Это будет существенное объяснение, и оно потребует расшифровки (все, что подпольный человек говорит о себе, требует расшифровки). В его желании «одержать победу» в принципе нет ничего особенного – мы все так живем и действуем ежечасно, ежеминутно, не замечая этого – кто-то из нас одерживает победы, а кто-то подчиняется победившему. Тем более, что подпольный человек одержал победу над своим младшим другом не из чисто эгоистического побуждения, но во имя благородной цели служения принципам моральной системы добро-зло. Это как если бы какой-нибудь христианский миссионер обратил какого-нибудь варвара в христианскую религию, а затем стал бы казнить себя за эгоизм желания «одержать победу».
По первому ощущению читатель готов отнестись к подпольному человеку положительно: вот ведь какая способность к самокритике сидит в нем. Но на самом деле это не совсем так. Упомянутый миссионер никогда не смог бы обвинить себя в деспотизме и высокомерности, потому что он слишком погружен в свою веру, или, говоря научными словами, ставит объективное (спасение заблудшей души) выше субъективного (своих личных качеств). Но потому что подпольный человек не слишком верит в безусловность приоритета Высокого и Прекрасного, приоритета христианского отношения к «забитому и униженному», его личные, субъективные качества выступают на первый план. Или иначе: описывая контраст между собой и остальными школьниками, герой повести представляется читателю в образе дурака-романтика, человека, преданного благородным идеалам – ведь даже после выхода из училища он пожертвовал карьерой, лишь бы отгородиться от мира стяжательства и преклонения перед силой! И все было бы хорошо, если бы он оставался верен своим идеалам, как это делает европейский человек, даже когда мир реальности чуть ли ни гибнет на баррикадах. Ни подпольный человек, ни сам Достоевский не скажут нам последнего слова, что именно благодаря тому, что дурак-романтик верит так глупо напрямую, без рефлексии в свои принципы, так твердо остается на своей позиции, в конечном счете выходит, что мир на баррикадах не гибнет, но возрождается, как сказочный принц, который выходит из чана с кипящей смолой еще большим красавцем.

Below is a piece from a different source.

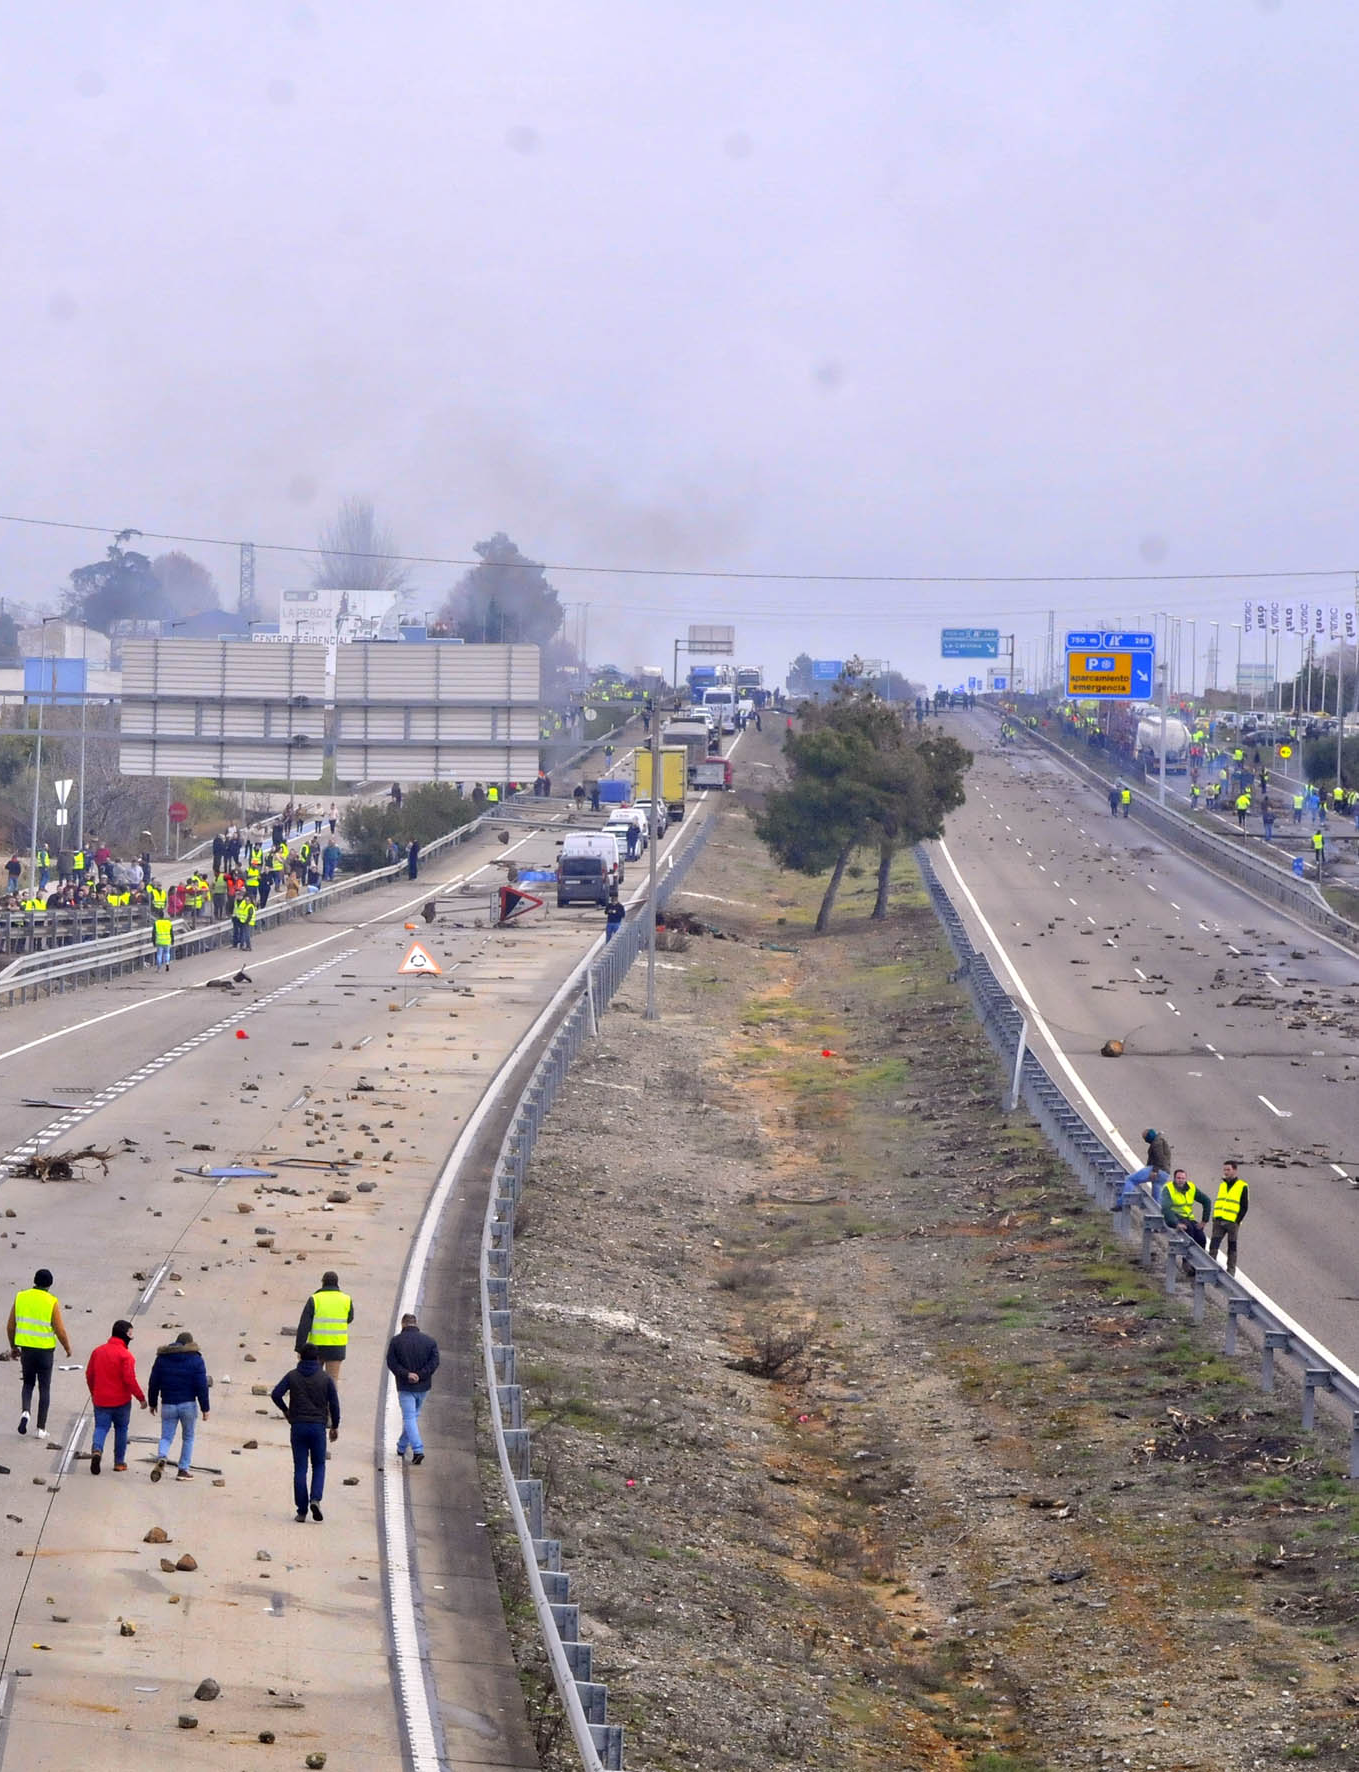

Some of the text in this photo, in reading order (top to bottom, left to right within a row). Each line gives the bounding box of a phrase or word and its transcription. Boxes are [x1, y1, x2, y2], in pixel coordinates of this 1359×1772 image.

[292, 635, 348, 644] RESIDENCIAL
[1088, 658, 1098, 670] P
[1071, 674, 1129, 683] aparcamiento
[1073, 684, 1126, 693] emergencia

Но подпольный человек не умеет принимать себя так же напрямую и всерьез, как его западный собрат. Он не умеет верить без колебаний и саморефлексий в объективную ценность принципов христианской морали, а коли так, то, разумеется, на первый план выходит удельный вес его субъективного желания «одержать победу». Люди более сильной воли, если подчиняют себе людей меньшей воли, то, подчинив, продолжают существовать уже совершенно естественно в установившемся статусе кво. Герой же, вдохновившись, на короткое время увлекает своего младшего друга, умеет поразить его, но когда приходит время изо дня в день продолжать подобные отношения, он оказывается неспособен на это: у него на это не находится воли. Вот в чем его т. н. «омерзительный» секрет, который он нам не расскажет, даже если знает это за собой: неверие в свои принципы лишает подпольного человека воли, и на его долю остается только способность к порывам своеволия. Немудрено, он начинает «ненавидеть» товарища: не так легко каждодневно видеть перед собой пример своей неспособности к постоянству волеизъявления, не так легко видеть перед собой человека, которого ты обманул своим порывом, в настоящесть которого ты сам не способен верить.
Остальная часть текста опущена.